Now whenever I click on the submit button, the $table_data gets updated and assigned to the drupalSettings dynamically, but passing its value to the javascript seems to be behaving inconsistent, meaning the drupalSettings.table_data within javascript does not get updated but shows the previous set values.

For it to work correctly I have to reload the page, change the form inputs and submit.

I've realized it may have to do with the cache and tried to avoid it by setting the routing.yml file as below:

  options:
    no_cache: 'TRUE'

Not sure how to use cache tags here, as I do not have any tags defined Tried to rebuild the form within the callback which didn't work either.
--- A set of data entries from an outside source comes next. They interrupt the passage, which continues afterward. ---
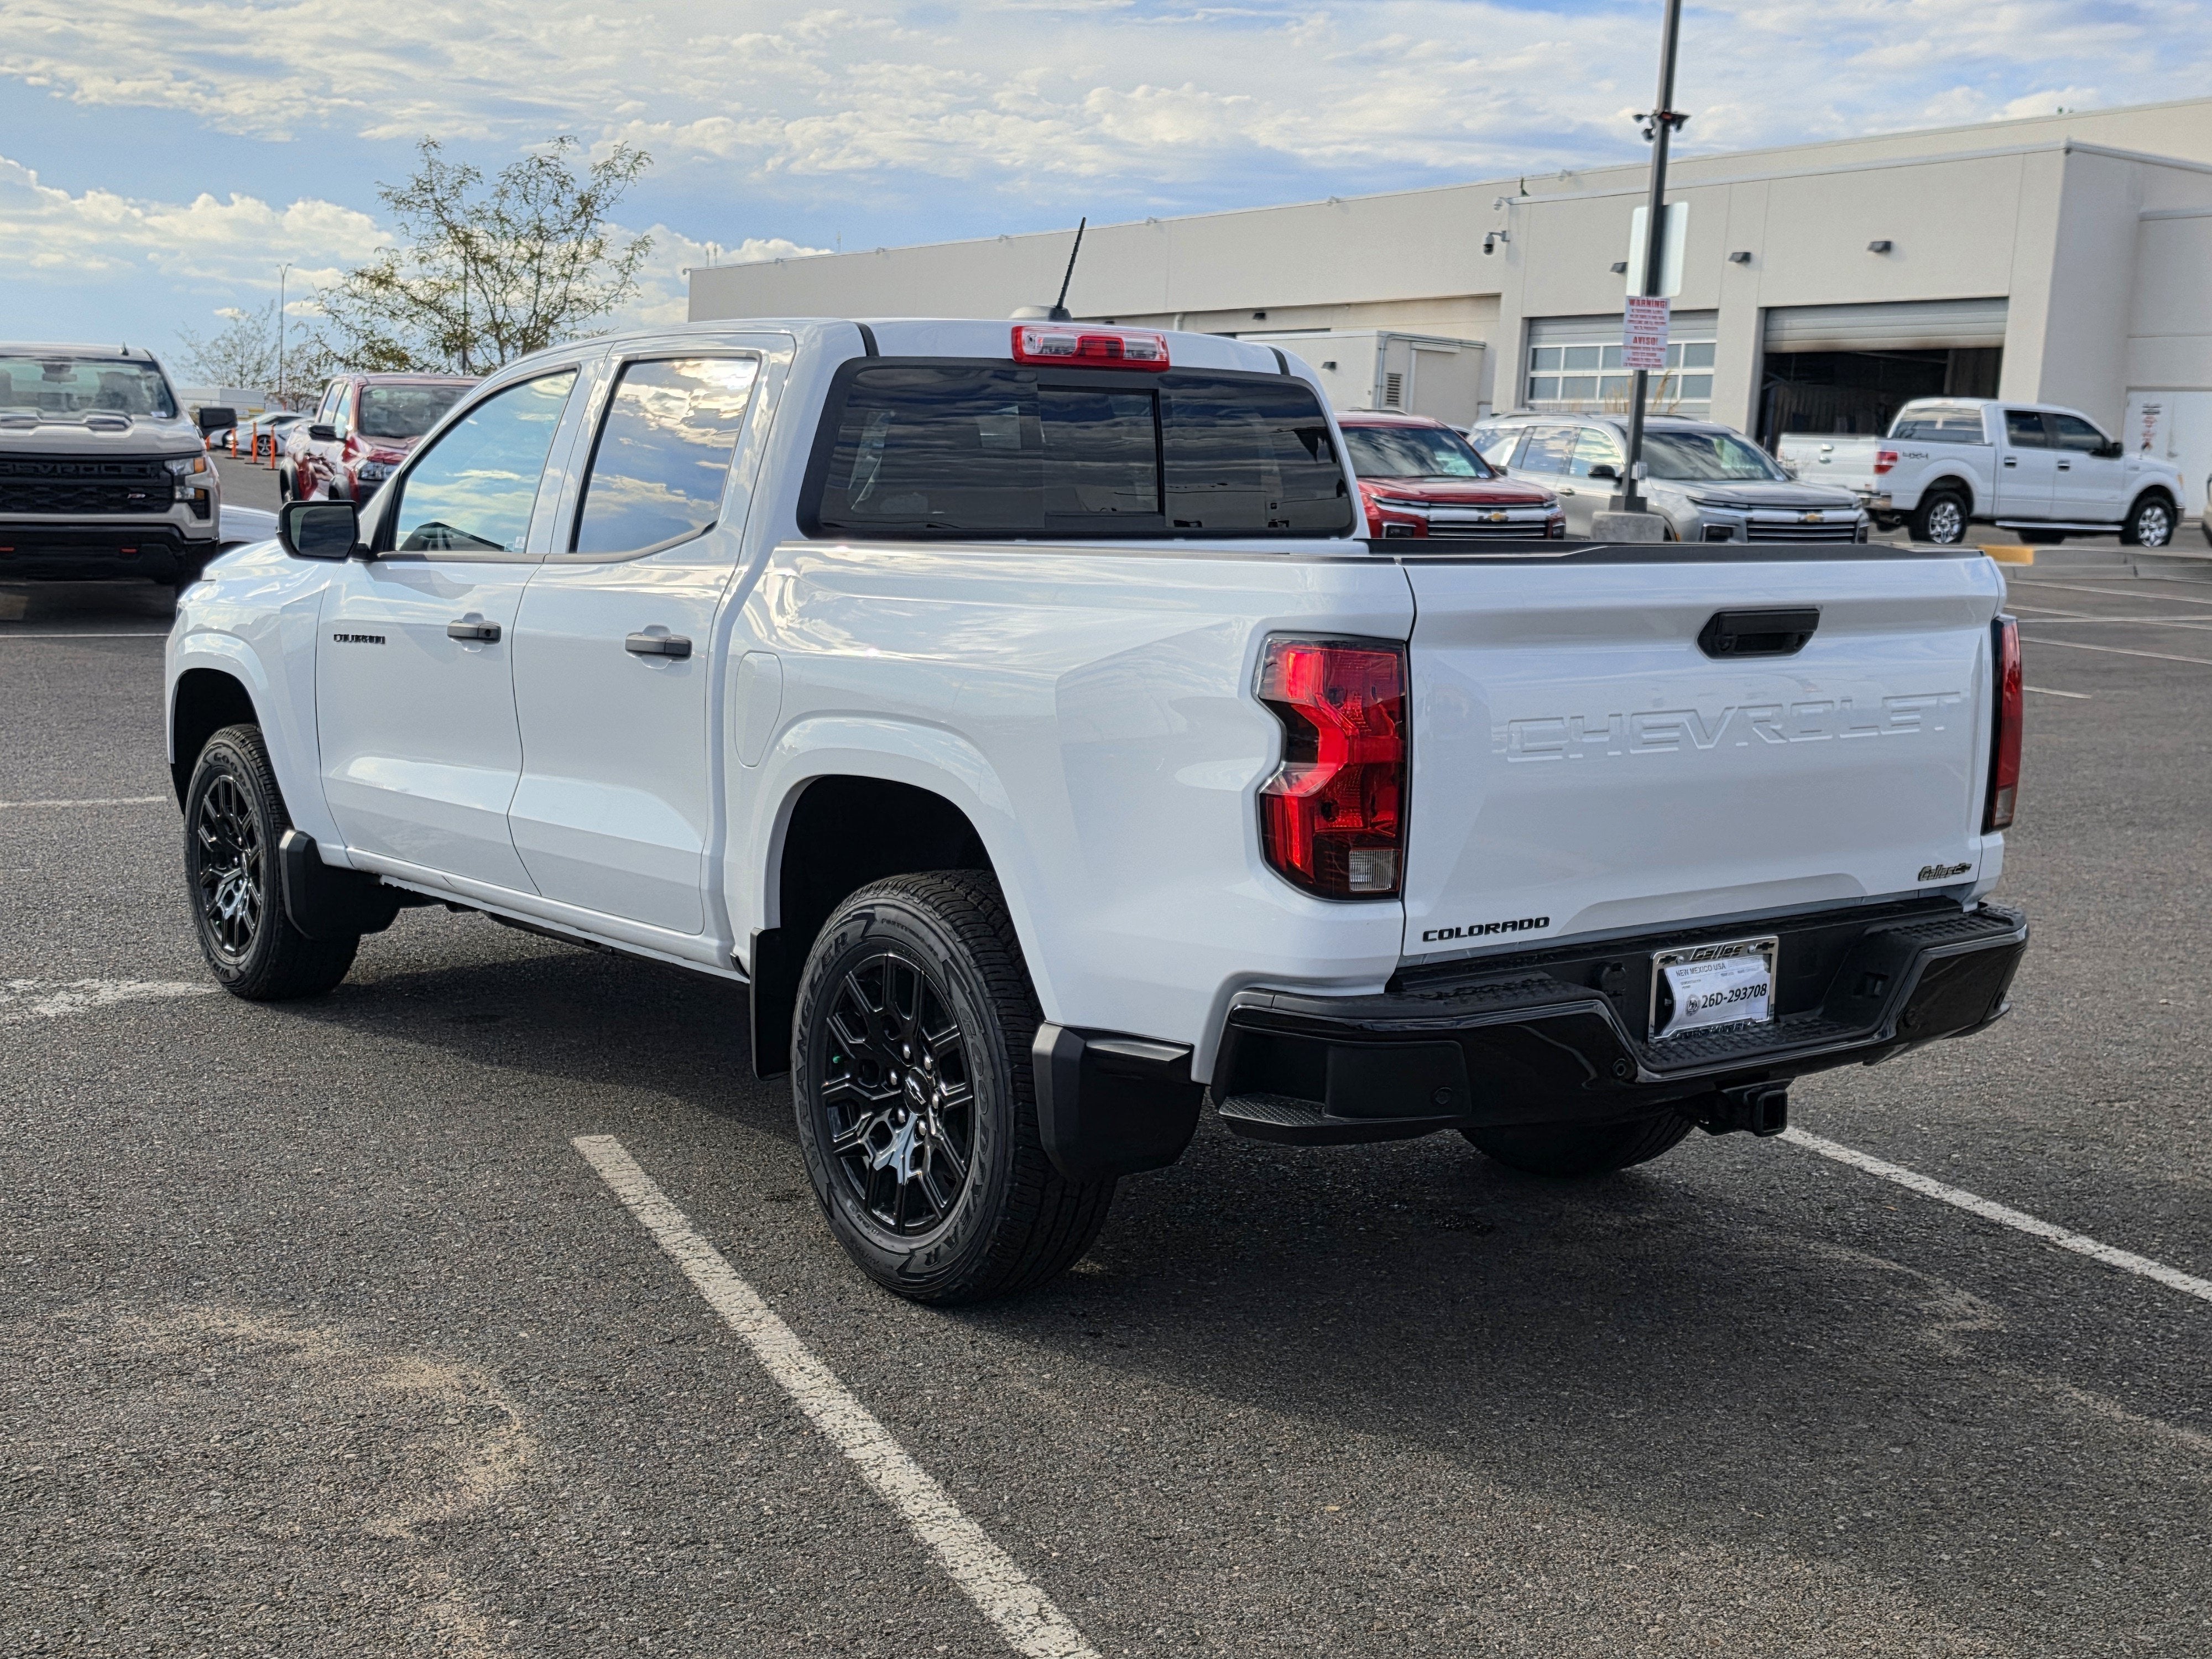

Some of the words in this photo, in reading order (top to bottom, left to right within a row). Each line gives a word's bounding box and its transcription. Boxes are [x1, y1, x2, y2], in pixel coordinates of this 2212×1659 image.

[1507, 691, 1960, 762] CHEVROLET
[1422, 916, 1550, 942] COLORADO
[1676, 969, 1689, 977] NEW
[1689, 965, 1713, 974] MEXICO
[1713, 962, 1726, 971] USA
[1701, 983, 1767, 1009] 26D-293708
The form input fields does not get cleared even after reloading the page and I'm confused why this happens even after the no_cache is set to true?
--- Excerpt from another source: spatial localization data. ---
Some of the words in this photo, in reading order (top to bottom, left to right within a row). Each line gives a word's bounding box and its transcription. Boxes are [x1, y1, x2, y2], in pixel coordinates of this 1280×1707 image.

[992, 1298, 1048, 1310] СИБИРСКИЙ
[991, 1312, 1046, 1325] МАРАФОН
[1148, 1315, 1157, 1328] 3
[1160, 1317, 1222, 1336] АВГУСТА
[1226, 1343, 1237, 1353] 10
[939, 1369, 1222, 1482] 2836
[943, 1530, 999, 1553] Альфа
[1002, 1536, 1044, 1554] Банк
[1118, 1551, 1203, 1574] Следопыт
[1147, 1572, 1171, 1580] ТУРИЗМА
Tried using 'delete' on javascript end, which didn't work either

Is there a suitable approach to make sure that the variable from drupal php, received on the javascript is always an updated one?

3
  • Not sure if you can alter drupalSettings that way, keep in mind that though Drupal rebuilds the whole page during a typical AJAX callback and runs all behaviors I don't think it re-attach them. Why dont you use form or inputs data atrributes to pass relevant data between callbacks?
    – d70rr3s
    Jul 5, 2018 at 21:25
  • It just seems that the code within the Drupal.Behaviors runs twice. alert(drupalSettings.table_data); shows up twice after clicking on ajax callback submit. So, before doing this: var table_data = drupalSettings.table_data; I cleared the drupalSettings as drupalSettings.table_data=[]; and that seems to do the trick. To answer your question, there's a high possibility that in future I may have to show large number of records in the table, So I'm inclined towards using this architecture rather than formAPI as I've noticed there are problems with pagination within in the ajax response area
    – Bharat
    Jul 6, 2018 at 1:13
  • Yes, behaviors are run on every AJAX call is designed that way. If you don't want your behavior to run every time you need to use jQuery.once plugin during the behavior attach function like this, dont get fooled because it's a Drupal 7 example still used in Drupal 8. I think this may be the solution or at least point you towards.
    – d70rr3s
    Jul 6, 2018 at 5:21

1 Answer 1

4

In this case instead of returning HTML (aka the form render array) your AJAX callback method needs to return an AjaxResponse object (see API docs). The AjaxResponse object should contain at least 2 commands, one for updating your HTML (the processed form) and other to update the drupalSettings object. A possible response could be like

public static function ajaxCallback(array $form, FormStateInterface $form_state) {
  // Assuming the $form variable is either the updated render array or rendered output.
  $response = new AjaxResponse();
  $response->addCommand(new ReplaceCommand('#wrapper-id', $form));
  // The $data variable is an assoc array with he same keys you passed during the build under #attached key.
  // If you don't want to merge the settings but instead replace it, remove the second argument.
  $response->addCommand(new SettingsCommand ($data, TRUE));
  return $response;
}
1
  • Important notes: the SettingsCommand must be placed before other ajax commands, and you will retrieve your new settings in the settings variable of your attached behavior (and not in drupalSettings).